There are opportunities to not only learn from Winning Ways equines but from the other farm animals as well.  Being around animals and caring for them can be hugely beneficial on both a physical and mental level.  It is well-documented that holding, stroking or just being with an animal can reduce blood pressure and alleviate tension or anxiety. Animals can help provide a safe, non-judgemental environment where we can just ‘be’ present with our emotions.  Interacting with animals provides a natural space to bond.  Animals allow us to reconnect with parts of us that have shut down due to loss.  Interacting with animals brings about feelings of wellness, peace, empowerment and self-confidence.  Animals give us a safe place to allow healing and adjustment to the changes in our lives. Animal Assisted Learning involves connecting people and animals for a variety of purposes.  Activities can range from a dog visiting a long-term care facility; to a child petting a cat, dog or lamb; to learning about and becoming involved in caring for farm animals. The possibilities are endless!  Participants not only have the opportunity to connect with animals, they gain valuable skills that can be transferred to other areas of their lives.

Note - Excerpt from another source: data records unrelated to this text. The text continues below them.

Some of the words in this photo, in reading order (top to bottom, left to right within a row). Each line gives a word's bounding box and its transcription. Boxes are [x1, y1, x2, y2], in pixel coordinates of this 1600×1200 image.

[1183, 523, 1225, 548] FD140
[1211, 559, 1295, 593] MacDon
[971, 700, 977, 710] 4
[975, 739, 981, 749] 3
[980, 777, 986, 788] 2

Animal Assisted Learning can help with grief recovery for children, youth and adults. Grief is individual and unique and so are the feelings and thoughts each person has about the relationship that has been altered by death, divorce, or for other reasons. Animals are not aware of the ‘cookie cutter’ approach to coping with loss: all they know is what is true in the present moment. The animals will give a fresh approach to processing loss and will allow individuals a safe and peaceful place to just ‘BE’. Activities can be completed individually or in a group setting, and are designed to allow each person an individual experience.

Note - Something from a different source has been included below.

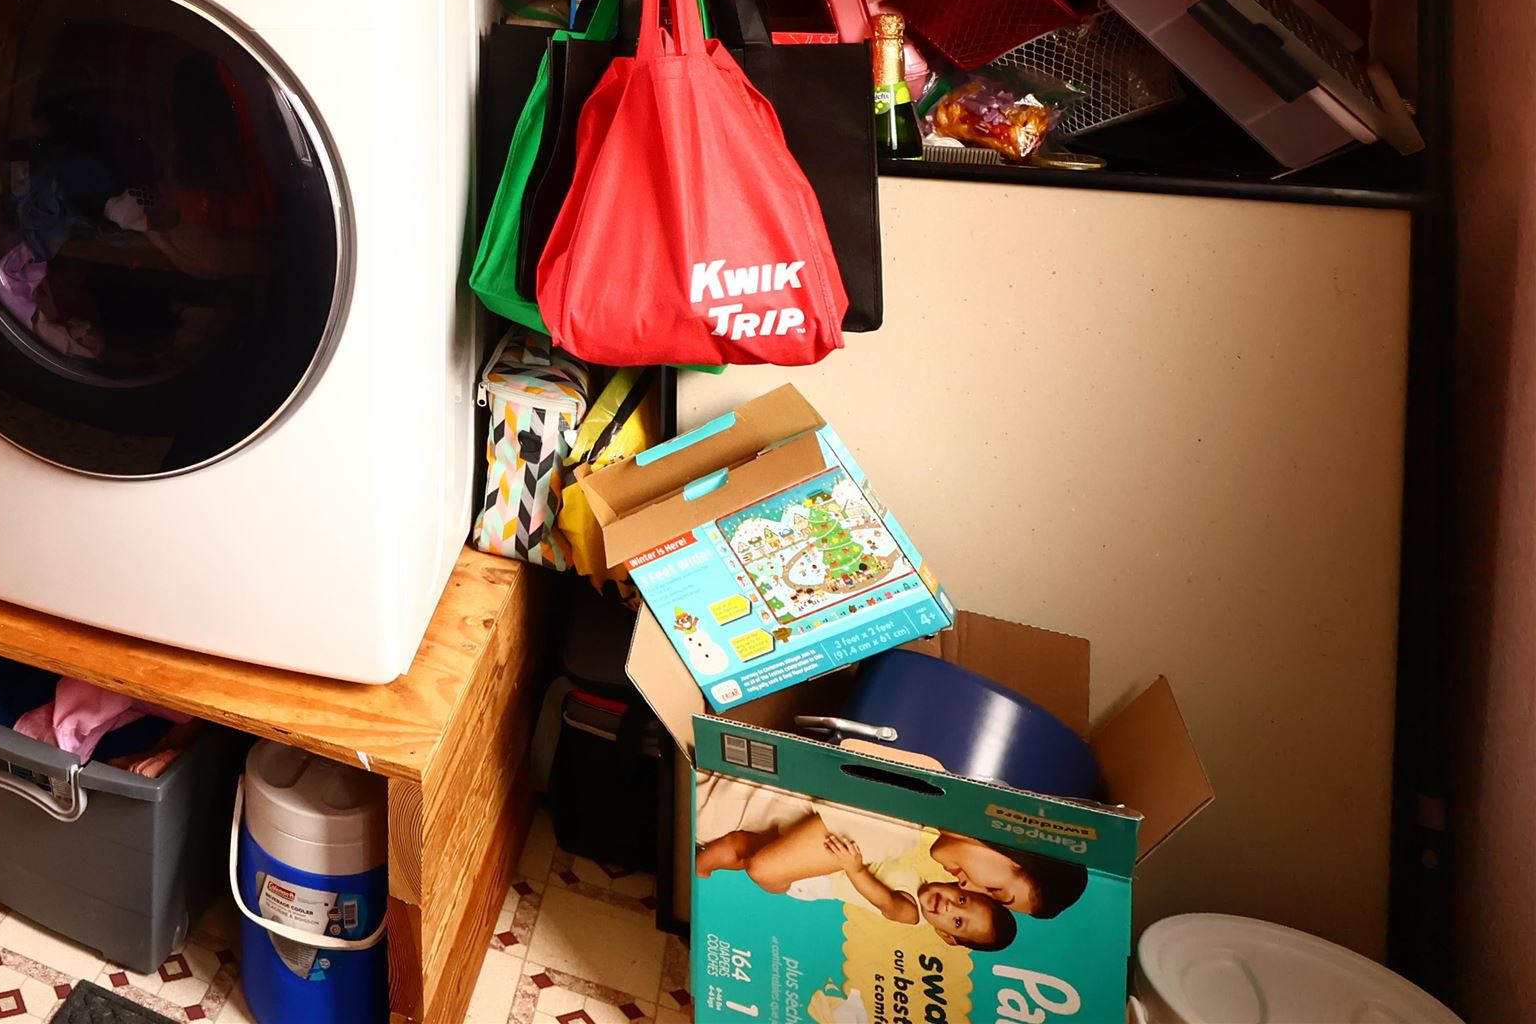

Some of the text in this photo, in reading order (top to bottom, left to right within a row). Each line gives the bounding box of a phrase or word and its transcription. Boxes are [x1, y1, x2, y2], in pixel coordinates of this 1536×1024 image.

Winning Ways can provide the possibility for clients to benefit from Animal Assisted Learning by:

-- having fun interacting with the animals while following instructions

-- receiving affection and pleasure from their interactions with animals

-- easily flowing from one activity to another as the animals do

-- expressing their feelings both verbally and non-verbally

-- developing empathy for a living being, regulating emotions

-- teaching trust, patience, responsibility, and independence

-- helping process grief and loss

Engaging with animals helps foster relationships with other people and a deeper understanding of those relationships. Animals calm us and foster confidence, thereby increasing our self-esteem. In other words, animals help us cope better with daily life and help us become better humans. Animal Assisted Learning (AAL) is good for people of all ages and developmental stages. 

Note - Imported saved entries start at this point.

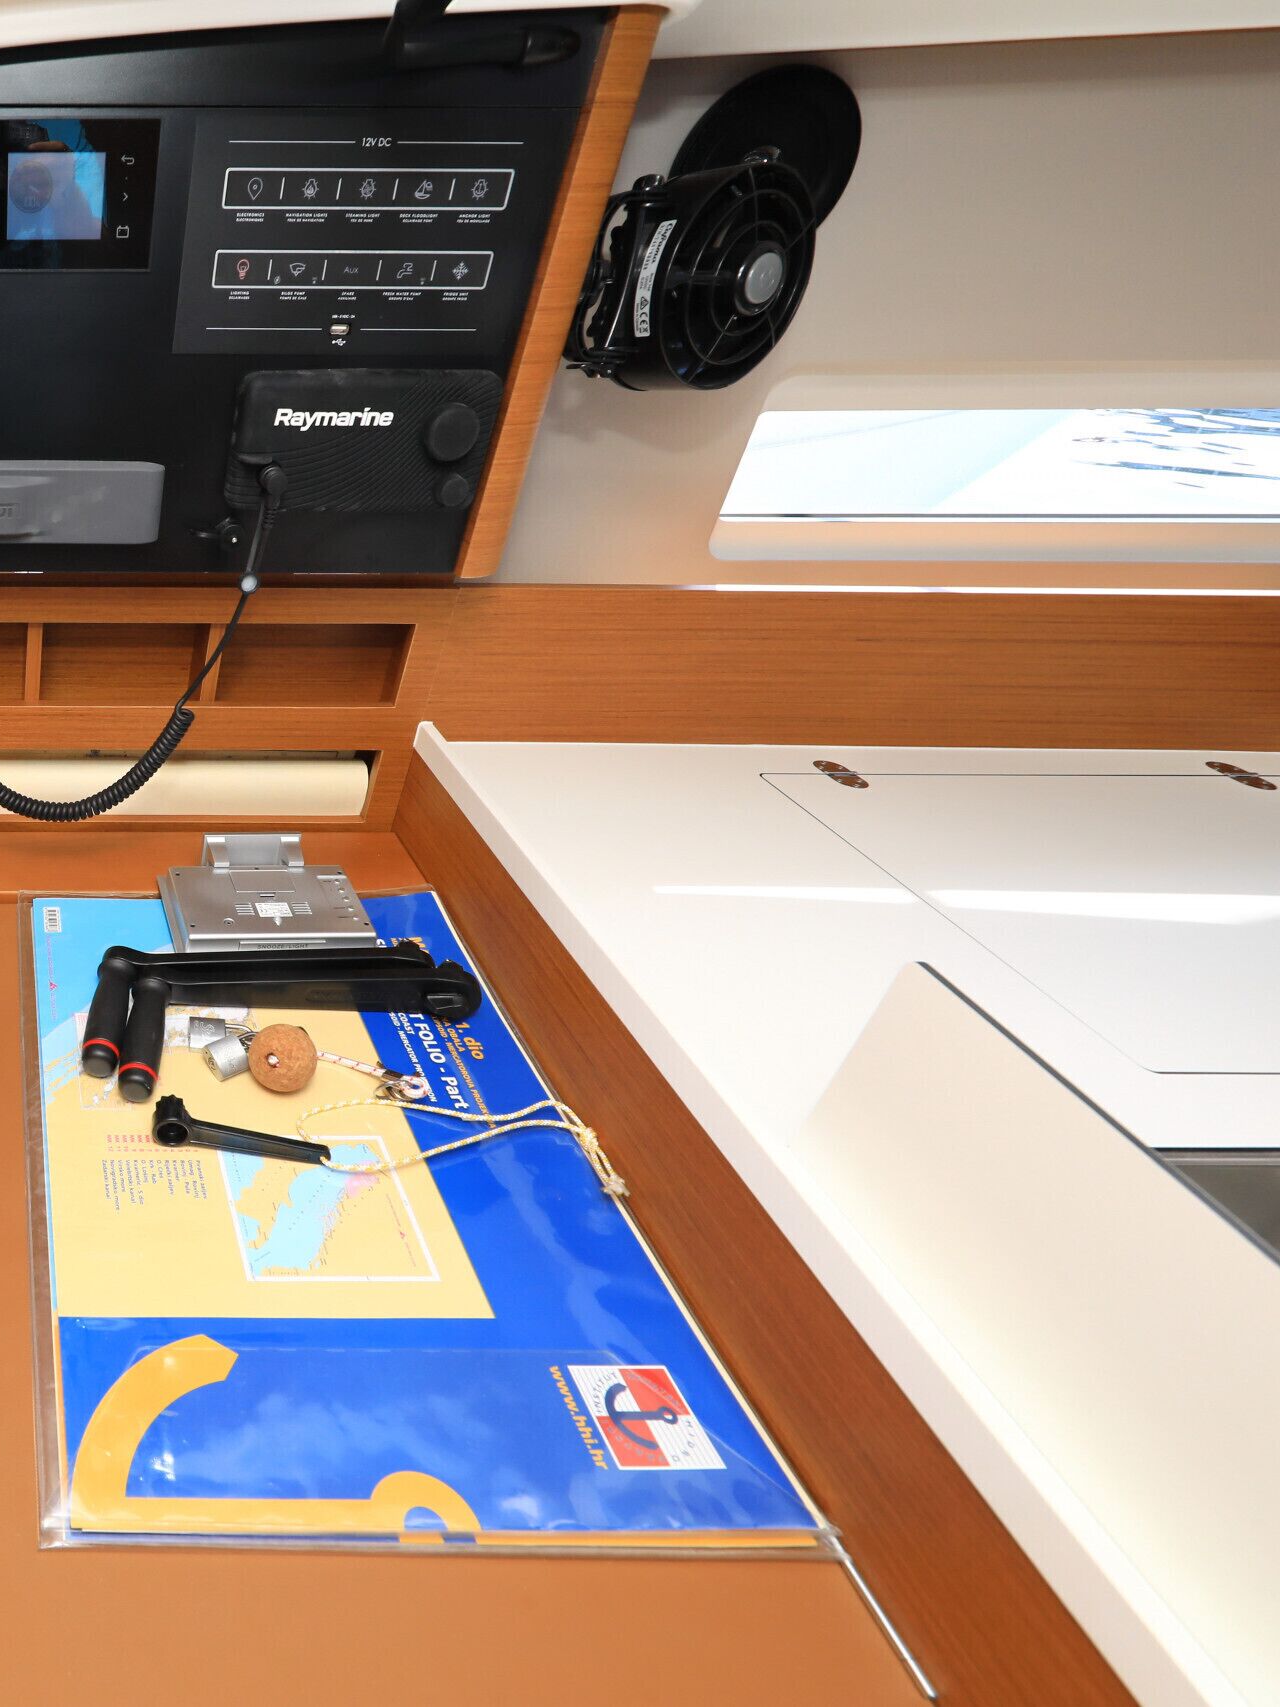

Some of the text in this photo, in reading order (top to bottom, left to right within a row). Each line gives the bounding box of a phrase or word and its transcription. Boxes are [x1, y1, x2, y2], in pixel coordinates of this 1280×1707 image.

[361, 137, 392, 148] 12V DC
[343, 265, 359, 275] Aux
[273, 406, 395, 431] Raymarine
[397, 1012, 415, 1035] COAST
[397, 1030, 419, 1063] MERCATOR
[447, 1028, 466, 1052] OBALA
[455, 1021, 484, 1060] 1. dio
[413, 1022, 446, 1064] FOLIO
[440, 1076, 470, 1109] Part
[446, 1042, 475, 1089] MERCATOROVA
[548, 1365, 609, 1470] www.hhi.hr

Contact Kelly for your Animal Assisted Learning sessions.  Animal Assisted Learning sessions can be tailored to the needs of the individual and meet their specific requirements. 

Please look at Equine Assisted Learning under the Equine Ventures tab for more programs in experiential learning available at Winning Ways.

Just Startin’ with Animals: Children can see, feel, hear and interact with different animals and find a “special friend.” Go on a tour around the yard visiting the different animals. Minimum two children at a time; maximum four young children. Parent must accompany each child 6 years old and under at all times and ensure child remains calm in the presence of the different animals. No running, loud noise or throwing objects near animals; under parental supervision children may run and play out in an unoccupied riding area. Cost: $20/child


Walk about—Visit the cats & dogs. You may get to see Buffy, the lady bison, through the fence. Meet the ponies and donkey; you might take one for a walk. Watch the lambs and ewes in the spring and summer; they love to be fed green grass. Wilbur also likes to be fed treats of grass. Check out the chickens and maybe find an egg! Visit the rabbit and feed her some dandelion greens. 

Wind up - sanitize hands.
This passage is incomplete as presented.